Des personnels de l’hôpital de Toulouse confient leurs doutes, leurs inquiétudes, alors qu’un récent sondage révèle que la moitié d’entre eux se déclarent insatisfaits au travail. Ils sont pourtant nombreux à témoigner de leur attachement à l'hôpital public.

Article rédigé par Clemence Fulleda
Radio France
Publié Mis à jour
Temps de lecture : 2min
Rassemblements et banderoles devant l'hôpital Purpan, à Toulouse, le 11 octobre 2019. (FREDERIC CHARMEUX / MAXPPP)

Soigner est une vocation. Et plus que des gestes techniques, cela rime avec des moments de partage humain. C'est pour ces raisons que Diami a choisi le métier d'aide-soignante, qu'elle pratique depuis 28 ans et qui lui rapporte 1 780 euros brut par mois. "Quand vous arrivez dans une chambre et que la personne n’est pas bien, n’a pas dormi de la nuit et est en train de pleurer, vous ne commencez pas par la toilette, mais par vous asseoir et discuter, réconforter, confie Diami. Ce n’est qu’ensuite qu’on passe à la toilette."

Je crois que c’est quelque chose qui est en moi, qui correspond à mes valeurs. Si j’outrepasse cela, je ne pourrais pas me regarder dans la glace… 

Diami

à franceinfo

Mais pour continuer à se regarder dans la glace alors que les effectifs fondent et que des lits ferment, les heures de travail s'allongent et le corps ne suit plus... Pierre, blouse blanche sur le dos où l'on peut lire "manipulateur radio en colère", confie sa détresse.

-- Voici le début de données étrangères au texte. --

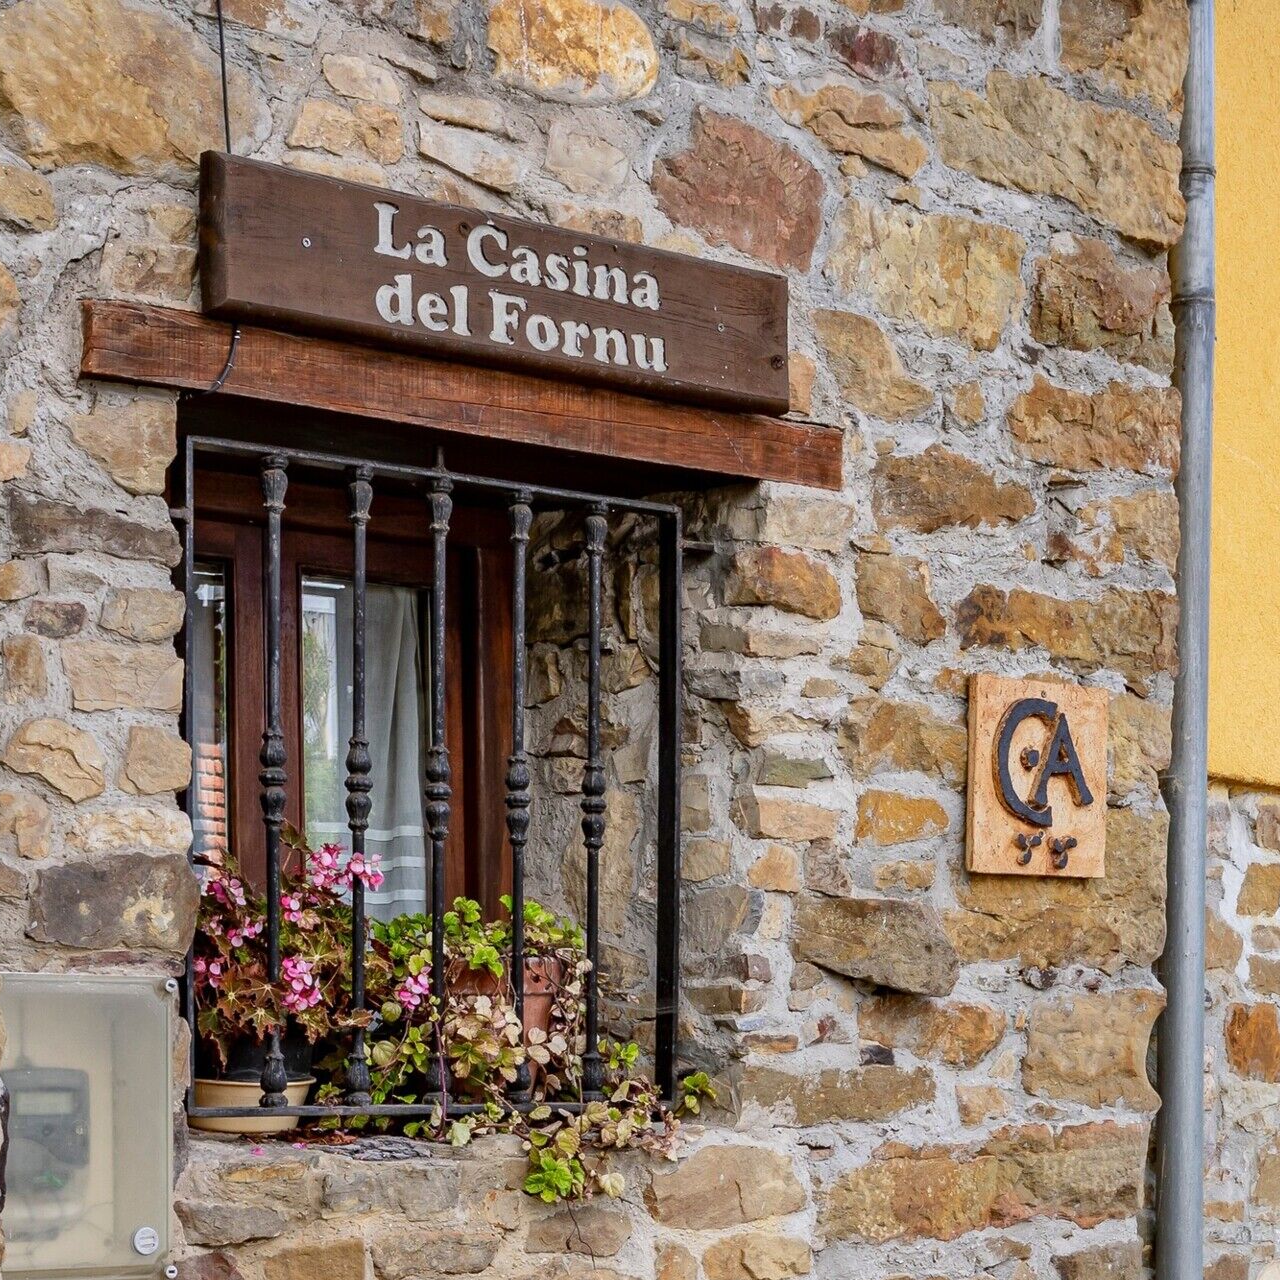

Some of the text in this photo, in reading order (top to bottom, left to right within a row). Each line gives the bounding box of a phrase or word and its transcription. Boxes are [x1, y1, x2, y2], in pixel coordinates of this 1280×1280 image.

"Le corps a dit : 'Bon, stop !'"

"Cet été, je me suis retrouvé aux urgences, indique-t-il. Le corps a dit : 'Bon, stop !' On charge la mule et à un moment donné, quand il n’y a pas de reconnaissance, pas de moyens, que du mépris, cela donne envie de démissionner." Ils sont nombreux à voir la vie en noir. Selon le "Baromètre carnet de santé" réalisé par Odoxa pour la Mutuelle nationale des hospitaliers par Internet entre le 16 et le 20 décembre 2019 auprès de 936 professionnels de santé hospitalier, si plus des trois-quarts des Français se disent satisfaits au travail, plus d’un personnel de santé sur deux est insatisfait au travail.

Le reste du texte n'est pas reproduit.